### Excerpted data
⁂
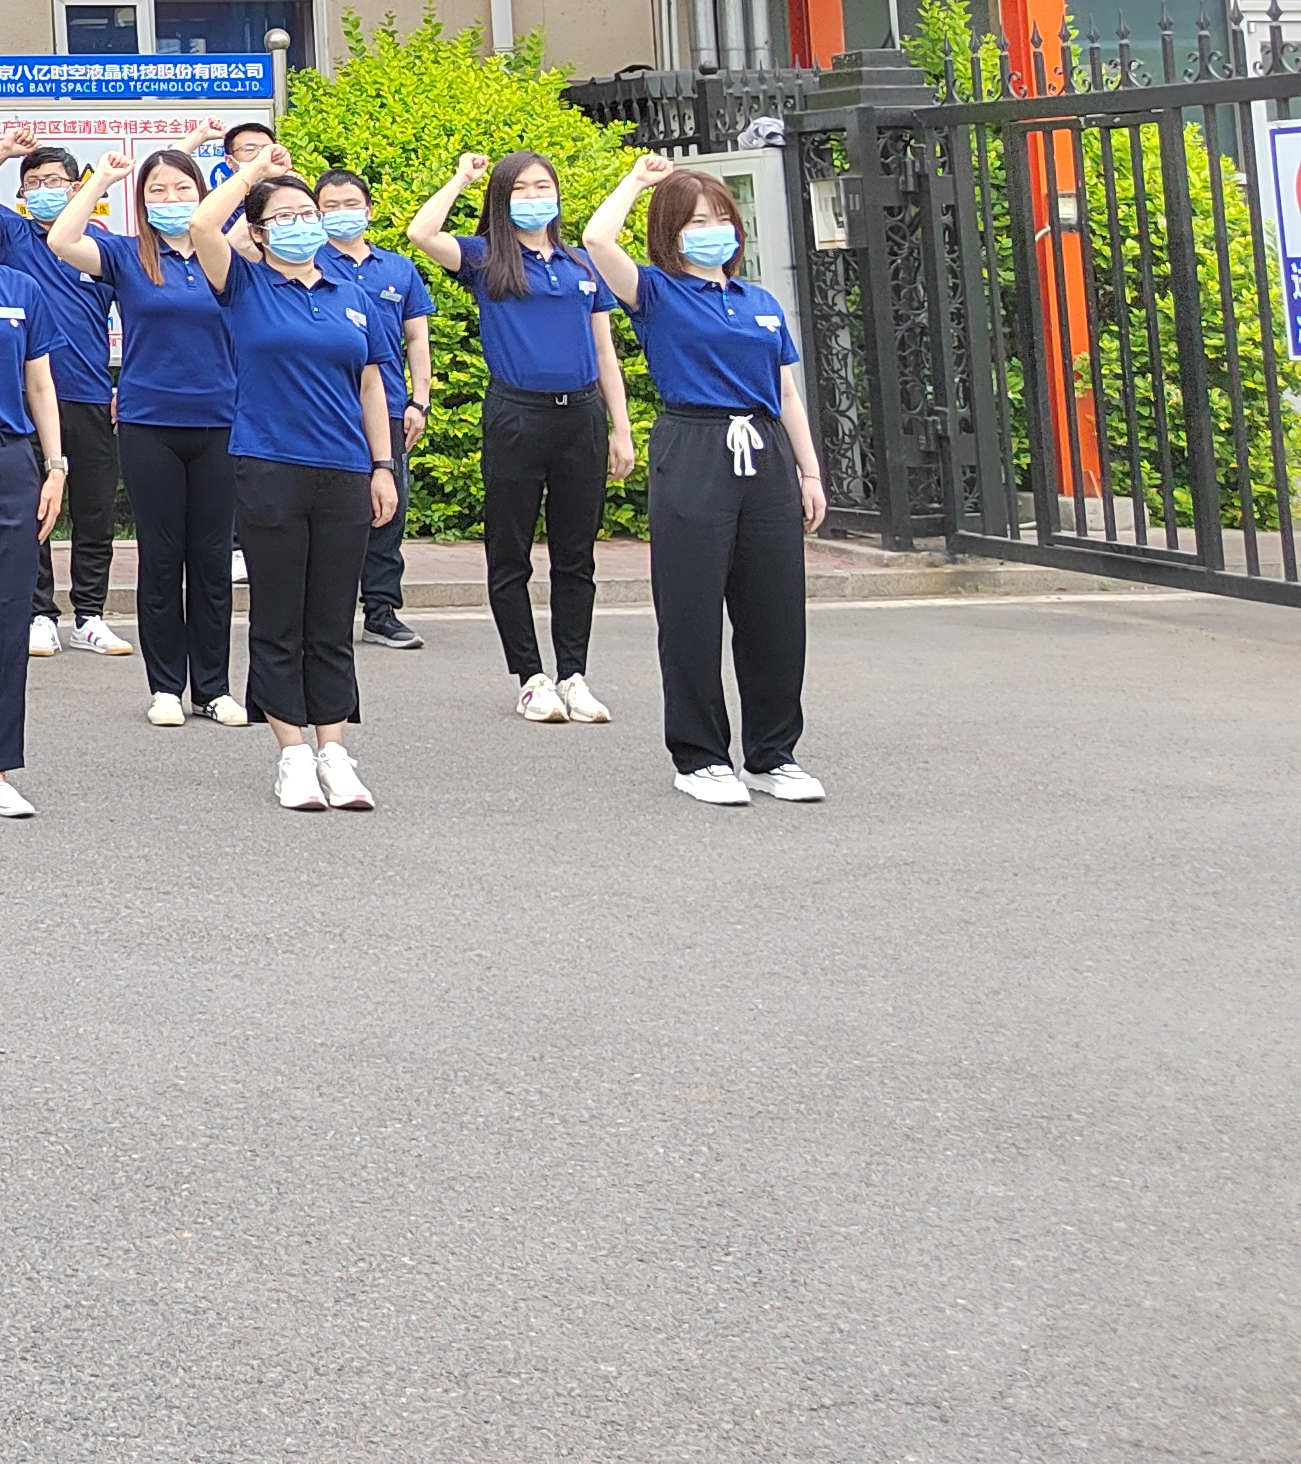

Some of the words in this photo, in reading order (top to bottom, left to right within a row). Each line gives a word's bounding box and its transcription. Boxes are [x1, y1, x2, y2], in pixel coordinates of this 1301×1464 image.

[29, 82, 56, 93] BAYI
[60, 81, 98, 93] SPACE
[102, 81, 125, 93] LCD
[129, 81, 209, 92] TECHNOLOGY
⁂
### What you need to do
The whole listing should be restated word for word, with no pictures.

### Response below
Some of the words in this photo, in reading order (top to bottom, left to right within a row). Each line gives a word's bounding box and its transcription. Boxes are [x1, y1, x2, y2], in pixel coordinates of this 1301×1464 image.

[29, 82, 56, 93] BAYI
[60, 81, 98, 93] SPACE
[102, 81, 125, 93] LCD
[129, 81, 209, 92] TECHNOLOGY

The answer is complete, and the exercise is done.